WASHINGTON, Apr 23 (Reuters) China should increase flexibility to prevent its renminbi currency from moving downward with the dollar in the event the U.S. currency depreciates, David Burton, the International Monetary Fund's director for Asia, said on Sunday.

China ''certainly made a start'' with the exchange rate flexibility it introduced with reforms last July, Burton told Reuters. ''But the flexibility so far has been relatively limited and there is scope for them to do more,'' he added.

Burton said that the dollar had appreciated for much of the time since July when Beijing abandoned a long-standing policy of pegging the value of the renminbi to the dollar, and tied its unit to a basket of currencies.

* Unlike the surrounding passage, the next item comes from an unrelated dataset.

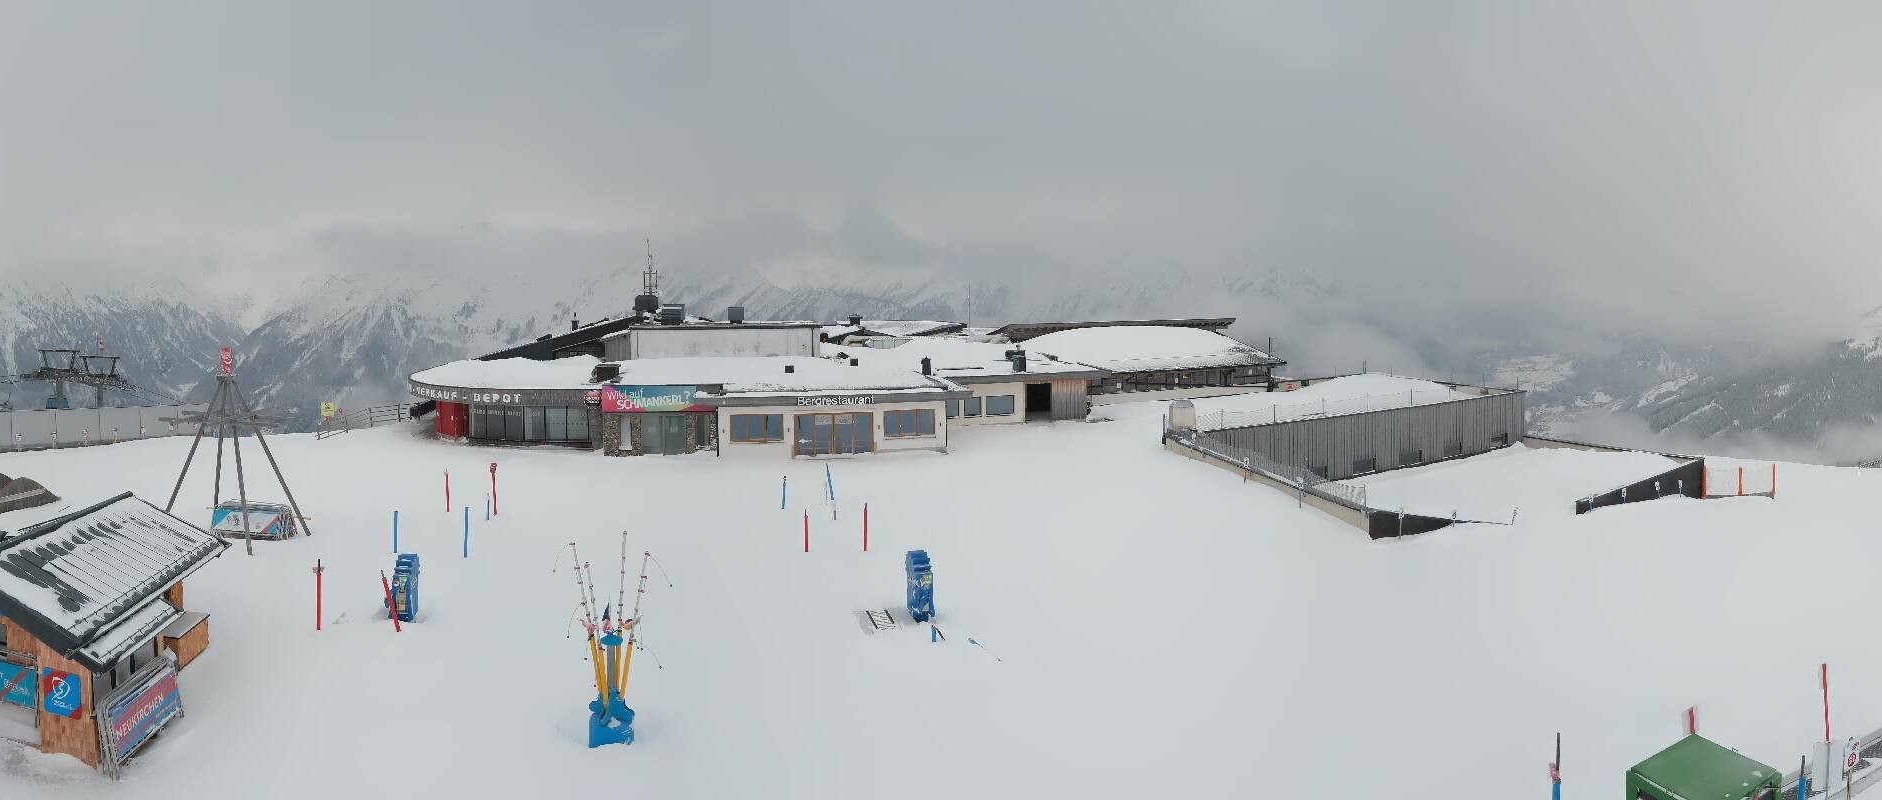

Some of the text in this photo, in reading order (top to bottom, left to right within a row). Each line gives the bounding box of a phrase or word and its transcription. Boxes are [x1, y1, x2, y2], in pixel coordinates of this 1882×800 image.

''If the dollar were to weaken ... it wouldn't be appropriate for the renminbi to depreciate with the dollar,'' he said in an interview.

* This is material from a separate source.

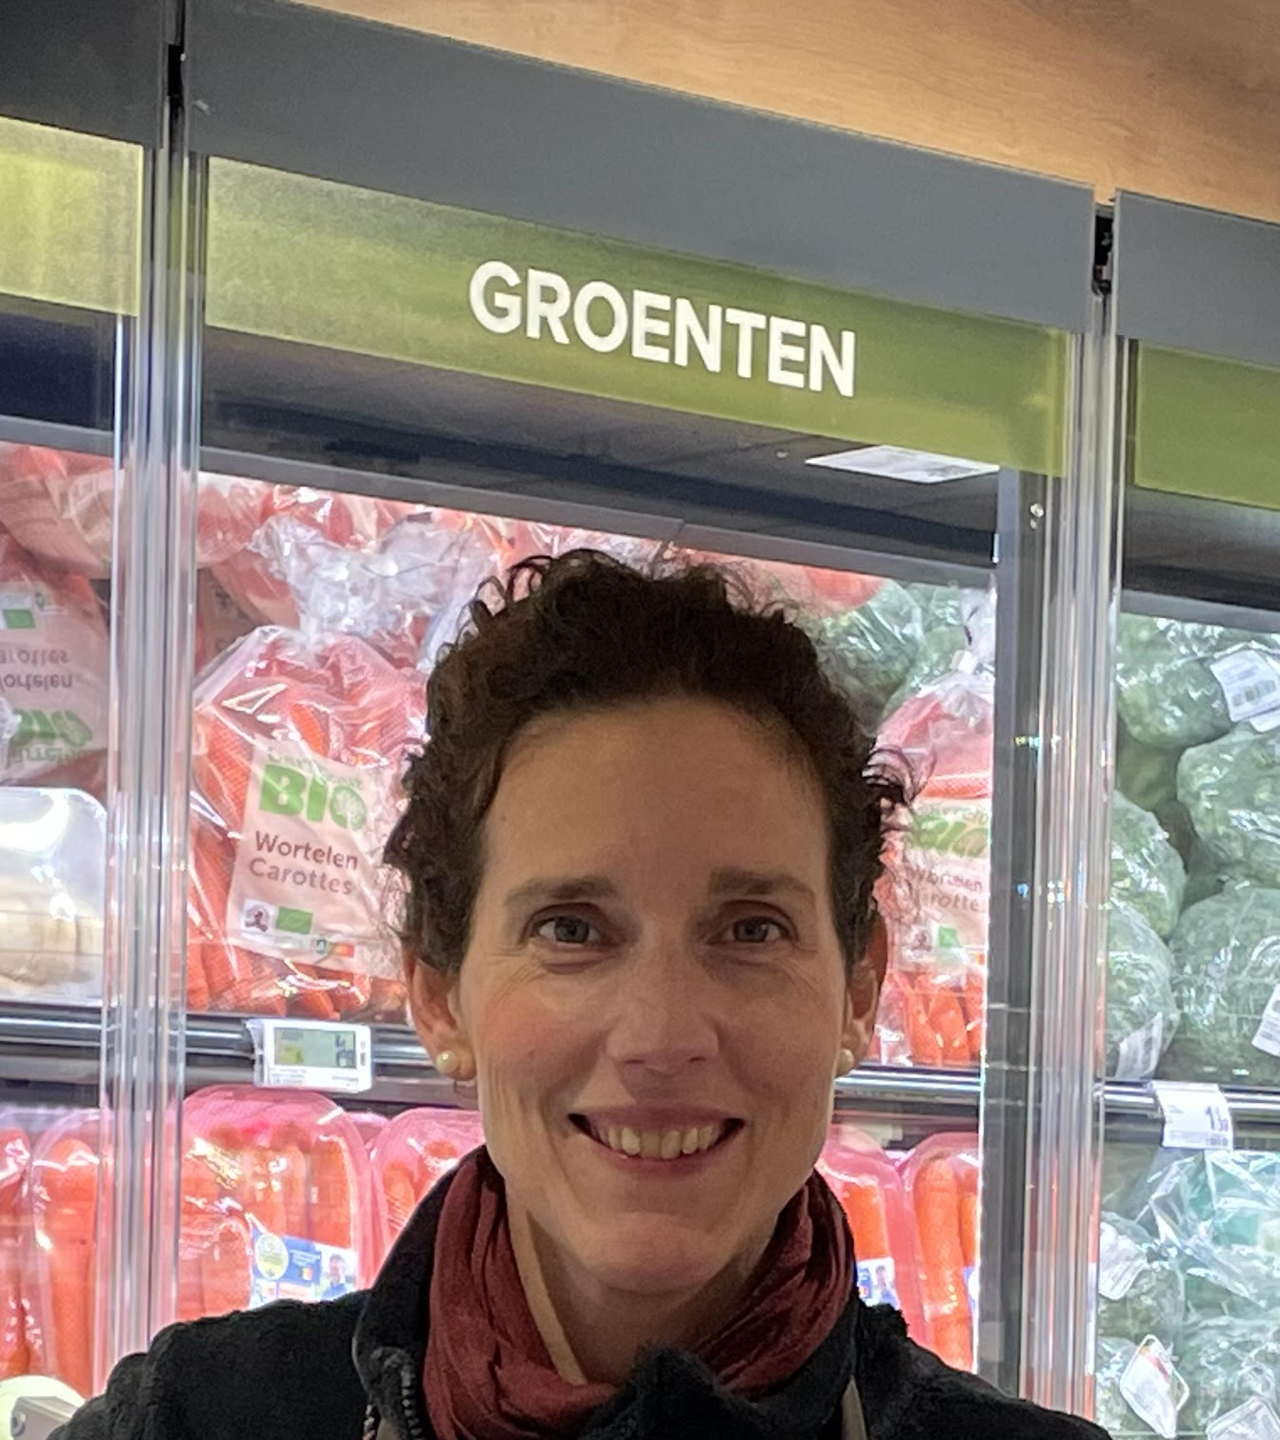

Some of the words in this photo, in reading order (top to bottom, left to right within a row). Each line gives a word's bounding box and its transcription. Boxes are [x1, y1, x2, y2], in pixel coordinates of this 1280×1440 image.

[468, 260, 857, 398] GROENTEN
[260, 764, 367, 832] BIO
[249, 857, 354, 897] Carottes
[253, 830, 359, 872] Wortelen

A weaker dollar would ''make it all the more important for the renminbi to show flexibility vis-a-vis the dollar to prevent it from depreciating in real effective terms.'' Burton said that growth in Asia as a whole would remain ''pretty robust'' at close to 7 percent this year, thanks to solid fundamentals such as high savings, high investment, good productivity growth and an entrepreneurial work force.

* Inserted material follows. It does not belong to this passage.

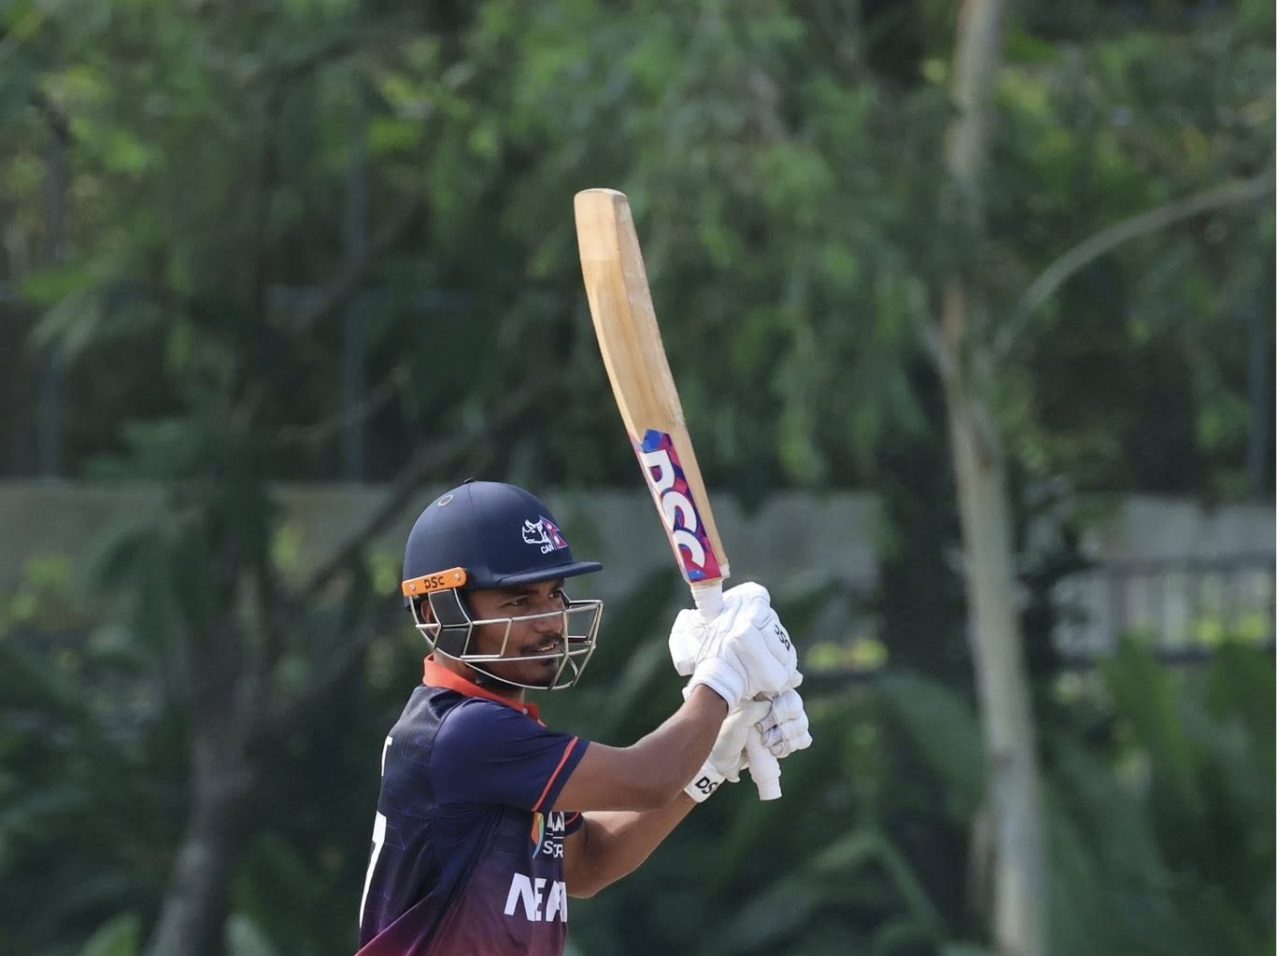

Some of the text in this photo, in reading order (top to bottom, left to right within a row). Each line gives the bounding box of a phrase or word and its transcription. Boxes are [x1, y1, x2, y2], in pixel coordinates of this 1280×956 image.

[639, 449, 706, 568] DSC
[423, 576, 445, 589] DSC
[694, 775, 719, 795] DS

In Japan, forecast to grow 2.8 percent this year, Burton said ''the foundations for the recovery are good but it will slow a bit to a more sustainable pace next year.'' Asia's surprising resilience in the face of surging oil prices this year was due in part to the fact that ''some of the Asian currencies have appreciated a bit against the dollar,'' he said.

CHINA STICKS TO GRADUALISM Finance officials from the Group of Seven countries -- the United States, Britain, Canada, France, Germany, Italy and Japan -- departed from recent practice and specifically pointed at China in a communique on Friday as a country that ''especially'' needed more foreign exchange flexibility.

Asked about the G7 statement, the head of China's central bank said on Saturday that China would still pursue gradualism even though the yuan currency could ''probably'' begin to rise more swiftly in the wake of the July 2005 reforms.

''I think that right now the speed of moving forward (toward greater foreign exchange flexibility) ... is OK. It's good for China,'' People's Bank of China Governor Zhou Xiaochuan told a small group of reporters.

Burton said that following the reforms, China's currency remained ''fairly tightly linked to the dollar'', leading to far greater appreciation against other currencies in the basket than against the U.S. currency.

''Going forward, they may need to pay more attention to the reference basket if they are to avoid depreciating in real effective terms,'' he said.

As part of international efforts to address imbalances, China has ''quite a lot of scope to stimulate domestic demand'' through reforms of the financial sector, the health care system, the social safety net and education, Burton said.

''There is a need to shift from investment and net exports, to consumption,'' he said, noting that China's first-quarter economic data showed potentially worrying high rates of growth in investment, credit creation and banking liquidity.

''There is a bit of a concern,'' he said. ''It doesn't necessarily turn into inflation in a hurry, but it does create other problems,'' such as excess capacity and nonperforming loans.